Exercise objective
If an entry holds a picture, leave that picture out and reproduce everything else exactly.

Task material
▬▬▬▬▬▬
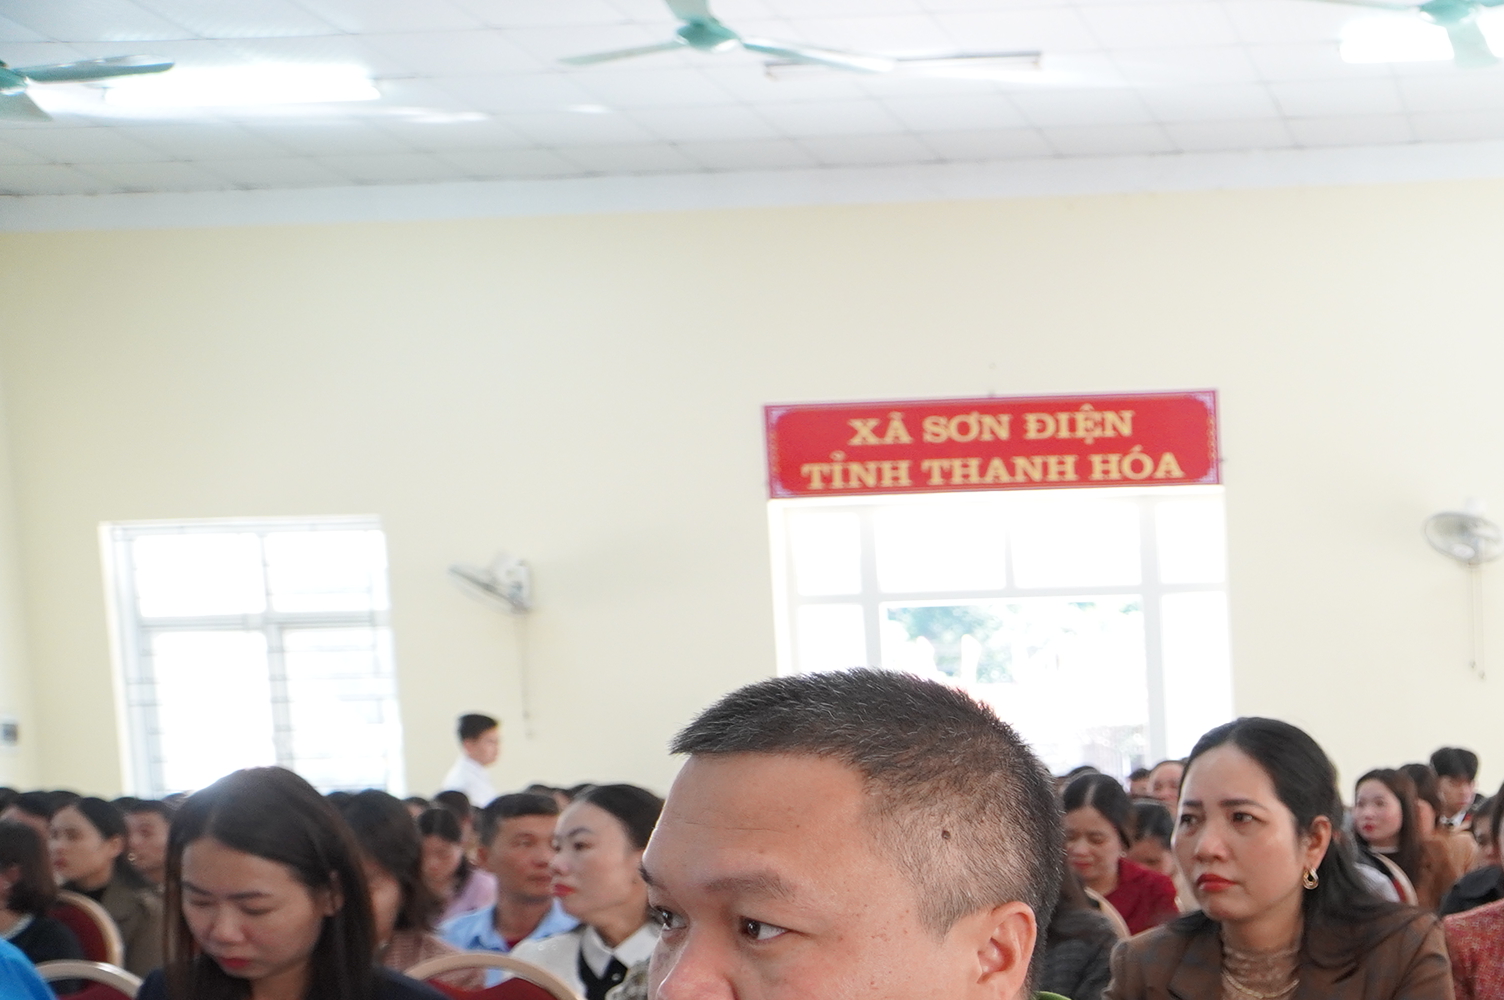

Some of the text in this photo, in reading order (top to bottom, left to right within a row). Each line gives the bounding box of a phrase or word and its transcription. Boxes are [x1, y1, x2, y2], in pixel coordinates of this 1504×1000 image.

[846, 403, 1135, 446] XÃ SƠN ĐIỆN
[800, 445, 1185, 490] TỈNH THANH HÓA
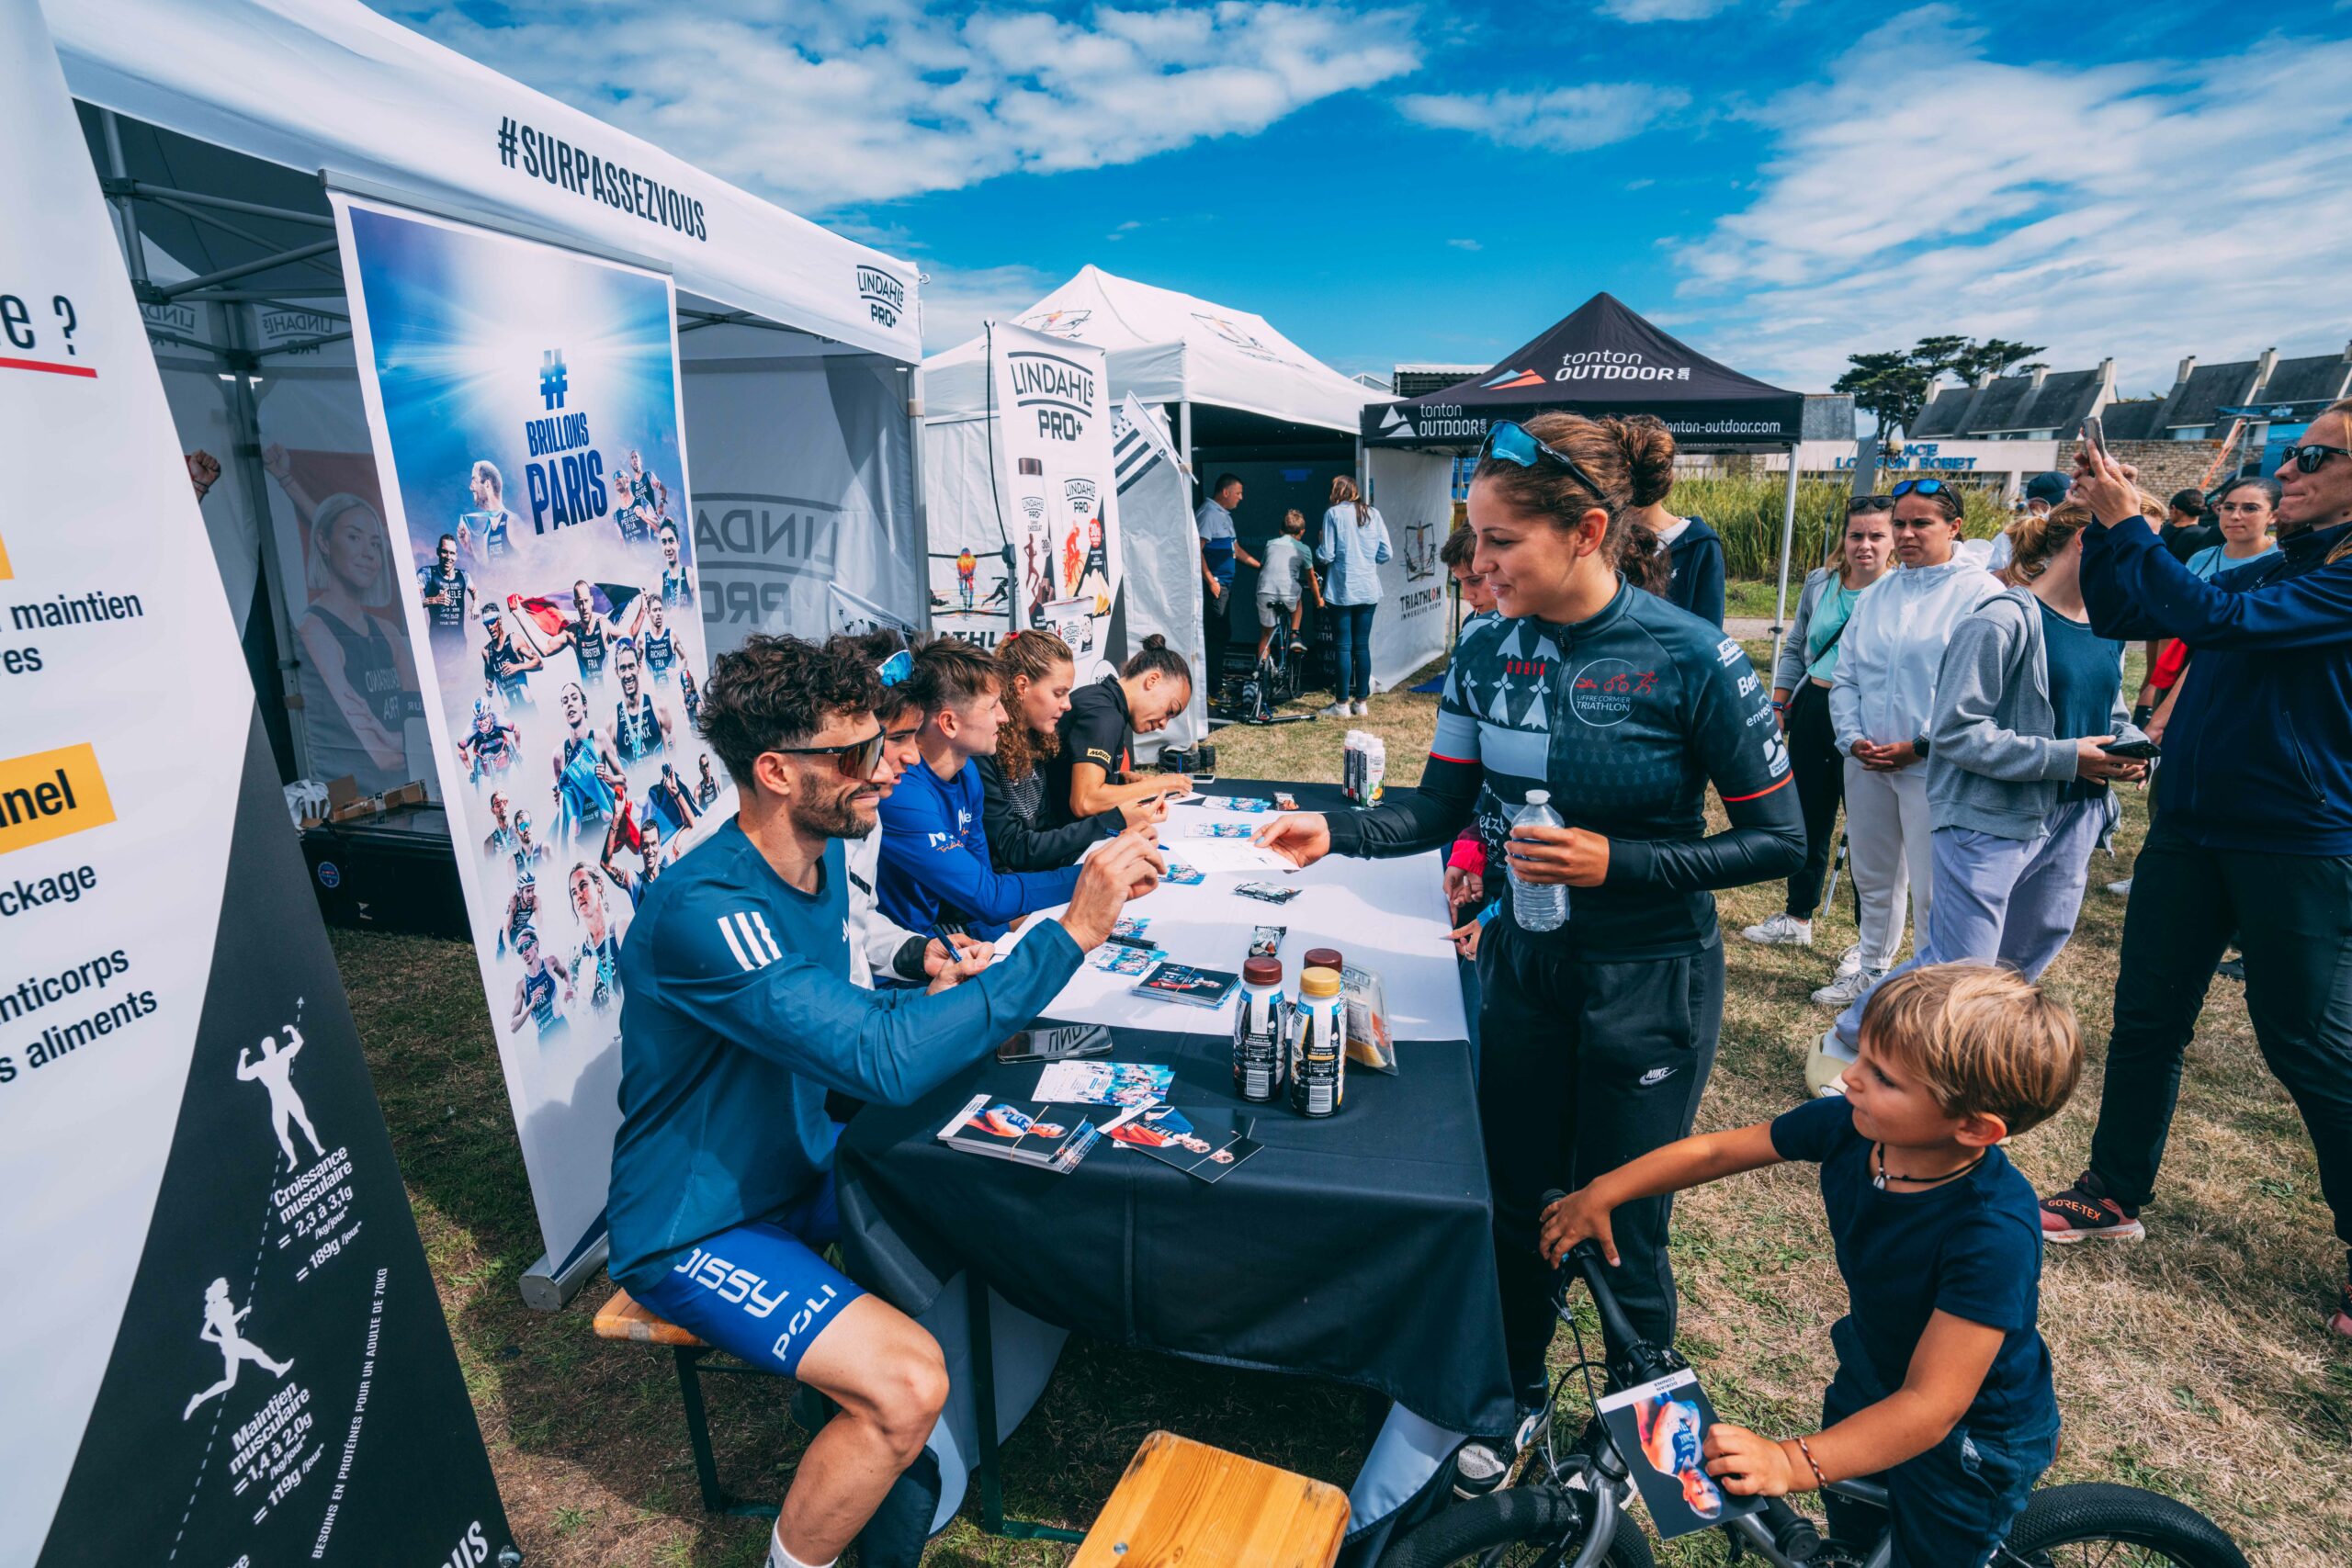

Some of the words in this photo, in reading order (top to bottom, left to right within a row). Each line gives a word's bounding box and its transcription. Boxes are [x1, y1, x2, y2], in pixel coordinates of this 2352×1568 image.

[498, 116, 707, 242] #SURPASSEZVOUS
[857, 272, 904, 308] LINDAHLS
[53, 295, 77, 355] ?
[871, 303, 897, 328] PRO+
[1555, 366, 1674, 381] OUTDOOR
[1563, 350, 1642, 366] tonton
[1011, 362, 1093, 408] LINDAHLS
[1038, 409, 1083, 442] PRO+
[1419, 403, 1462, 417] tonton
[526, 412, 590, 457] BRILLONS
[1419, 420, 1478, 436] OUTDOOR
[1836, 457, 1911, 469] LOSON
[1918, 457, 1977, 469] BOBET
[1876, 443, 1939, 457] EACE
[526, 449, 608, 536] PARIS
[10, 591, 143, 630] maintien
[1400, 586, 1441, 612] TRIATHLON
[0, 647, 43, 674] es
[650, 649, 668, 659] RICHARD
[655, 659, 665, 668] FRA
[1506, 660, 1546, 676] GOBIK
[1577, 701, 1631, 712] TRIATHLON
[0, 769, 76, 828] nel
[0, 865, 96, 917] ckage
[597, 989, 610, 1003] FR
[26, 990, 157, 1068] aliments
[1645, 1067, 1668, 1079] NIKE
[275, 1146, 348, 1208] Croissance
[279, 1161, 353, 1224] musculaire
[295, 1211, 318, 1238] 2,3
[318, 1202, 328, 1219] à
[328, 1186, 354, 1211] 3,1g
[2048, 1199, 2101, 1221] GORE-TEX
[309, 1238, 341, 1269] 189g
[375, 1268, 389, 1297] 70KG
[372, 1298, 384, 1314] DE
[366, 1315, 381, 1358] ADULTE
[772, 1284, 838, 1361] POLI
[363, 1360, 374, 1378] UN
[232, 1382, 297, 1442] Maintien
[355, 1381, 371, 1413] POUR
[230, 1388, 311, 1475] musculaire
[246, 1452, 271, 1483] 1,4
[271, 1441, 284, 1459] à
[282, 1412, 313, 1448] 2,0g
[337, 1416, 363, 1481] PROTÉINES
[268, 1469, 301, 1506] 119g
[332, 1483, 345, 1501] EN
[311, 1504, 339, 1560] BESOINS
▬▬▬▬▬▬
Solution below
Some of the text in this photo, in reading order (top to bottom, left to right within a row). Each line gives the bounding box of a phrase or word and its transcription. Boxes are [x1, y1, x2, y2], in pixel coordinates of this 1504×1000 image.

[846, 403, 1135, 446] XÃ SƠN ĐIỆN
[800, 445, 1185, 490] TỈNH THANH HÓA

Some of the words in this photo, in reading order (top to bottom, left to right within a row). Each line gives a word's bounding box and its transcription. Boxes are [x1, y1, x2, y2], in pixel coordinates of this 2352×1568 image.

[498, 116, 707, 242] #SURPASSEZVOUS
[857, 272, 904, 308] LINDAHLS
[53, 295, 77, 355] ?
[871, 303, 897, 328] PRO+
[1555, 366, 1674, 381] OUTDOOR
[1563, 350, 1642, 366] tonton
[1011, 362, 1093, 408] LINDAHLS
[1038, 409, 1083, 442] PRO+
[1419, 403, 1462, 417] tonton
[526, 412, 590, 457] BRILLONS
[1419, 420, 1478, 436] OUTDOOR
[1836, 457, 1911, 469] LOSON
[1918, 457, 1977, 469] BOBET
[1876, 443, 1939, 457] EACE
[526, 449, 608, 536] PARIS
[10, 591, 143, 630] maintien
[1400, 586, 1441, 612] TRIATHLON
[0, 647, 43, 674] es
[650, 649, 668, 659] RICHARD
[655, 659, 665, 668] FRA
[1506, 660, 1546, 676] GOBIK
[1577, 701, 1631, 712] TRIATHLON
[0, 769, 76, 828] nel
[0, 865, 96, 917] ckage
[597, 989, 610, 1003] FR
[26, 990, 157, 1068] aliments
[1645, 1067, 1668, 1079] NIKE
[275, 1146, 348, 1208] Croissance
[279, 1161, 353, 1224] musculaire
[295, 1211, 318, 1238] 2,3
[318, 1202, 328, 1219] à
[328, 1186, 354, 1211] 3,1g
[2048, 1199, 2101, 1221] GORE-TEX
[309, 1238, 341, 1269] 189g
[375, 1268, 389, 1297] 70KG
[372, 1298, 384, 1314] DE
[366, 1315, 381, 1358] ADULTE
[772, 1284, 838, 1361] POLI
[363, 1360, 374, 1378] UN
[232, 1382, 297, 1442] Maintien
[355, 1381, 371, 1413] POUR
[230, 1388, 311, 1475] musculaire
[246, 1452, 271, 1483] 1,4
[271, 1441, 284, 1459] à
[282, 1412, 313, 1448] 2,0g
[337, 1416, 363, 1481] PROTÉINES
[268, 1469, 301, 1506] 119g
[332, 1483, 345, 1501] EN
[311, 1504, 339, 1560] BESOINS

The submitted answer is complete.